A 2011 case study on the MobiMOOC course built from the theory and ideology of cMOOCs provides more of what you would expect from consistent research: seminal thinkers, buffered ideology, and oddly small sample sizes.
A few things I took away from the paper:
- I’m trying to compile an idea of how many people see a MOOC to completion. With NaNoWriMo, they average 18% or so completion every year, and the limited access I have to MOOC data is similar. MobiMOOC only had 13% completion, which might not seem like a big difference, but dropout rates are worrisome (even if there are numerous possible reasons) if this is the panacea for education.
- I just got into Distance Education, and now I am looking at mobile learning, or what the paper calls mLearning. Also, I don’t know if it was specifically this paper, but there were a lot of references to theories and people who were not explained in the paper, so they just kind of hung there as something I was assumed to know. And I don’t usually get that feeling.
- Interesting to see how quotes can be used in different fashions by different people. There is a Randy Garrison quote in this paper that I interpreted in a different manner.
- Case studies are valid and reputable, but it’s still tough for me to see the people who performed the case study laud it. It’s academically sound, just odd for me.
- We need to differentiate cMOOCs and aiMOOCs in a better way. When the authors continued to talk about MOOCs, I was thinking Udacity-like MOOCs, and this was all about connectivist MOOCs. Ambiguity.
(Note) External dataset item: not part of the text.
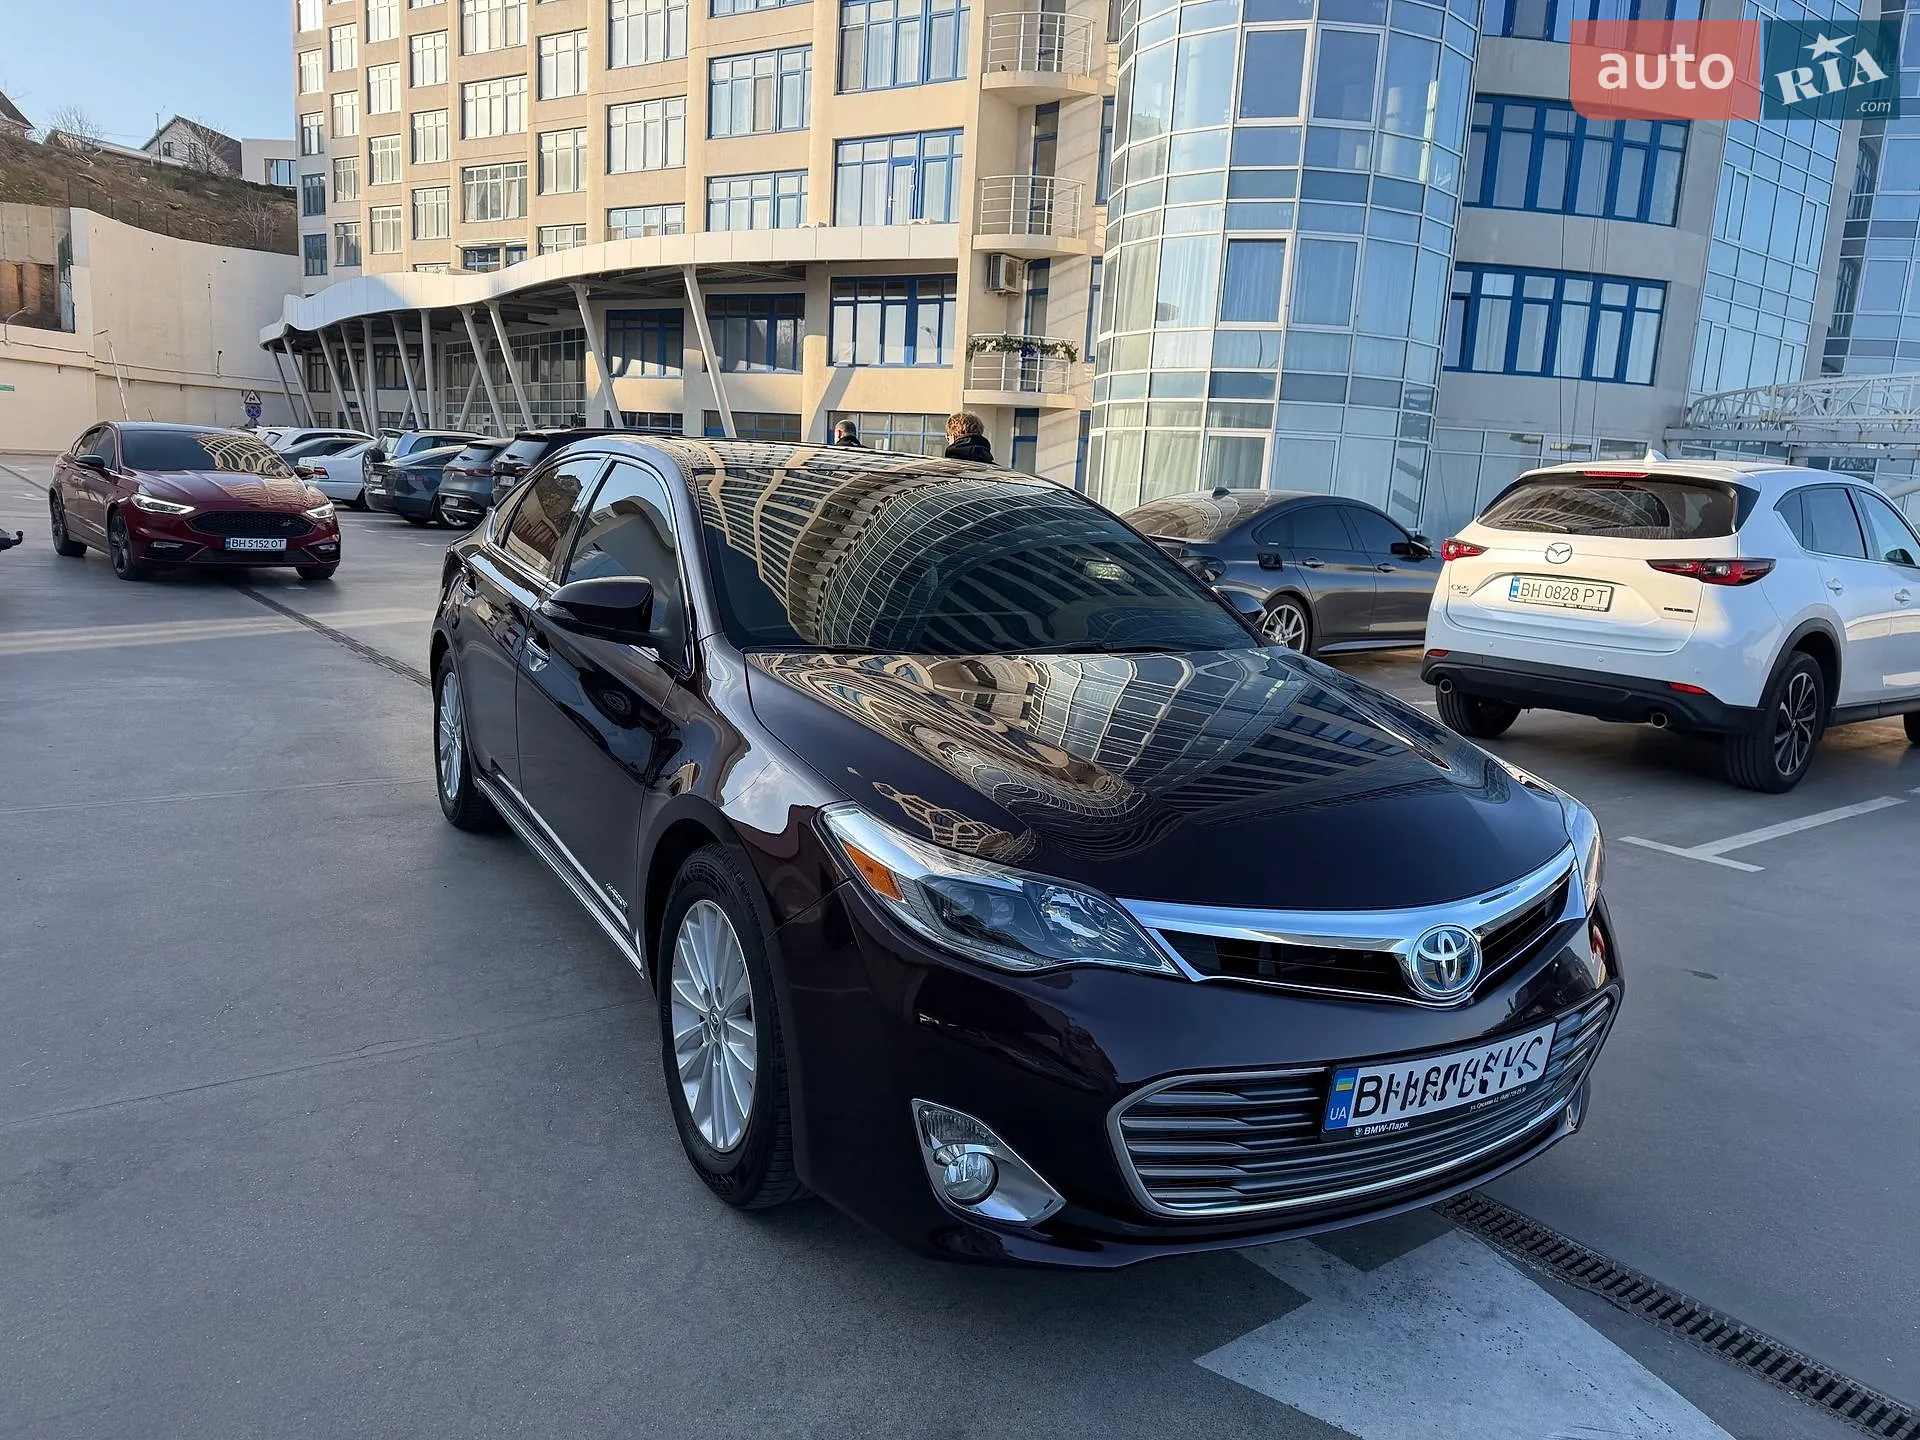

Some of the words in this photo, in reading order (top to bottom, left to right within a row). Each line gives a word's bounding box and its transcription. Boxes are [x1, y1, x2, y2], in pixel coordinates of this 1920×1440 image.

- The paper kind of hits a theory wall. It gets into Vygotsky, but does not link social constructivism into the paper, going straight to connectivism. Connectivism seems to be valid enough to write a paper on, but I would like to see a lit review acknowledge that it is a theory in progress, especially when the quote that defines connectivism in this paper comes from a paper questioning whether connectivism is a learning theory or just pedagogy.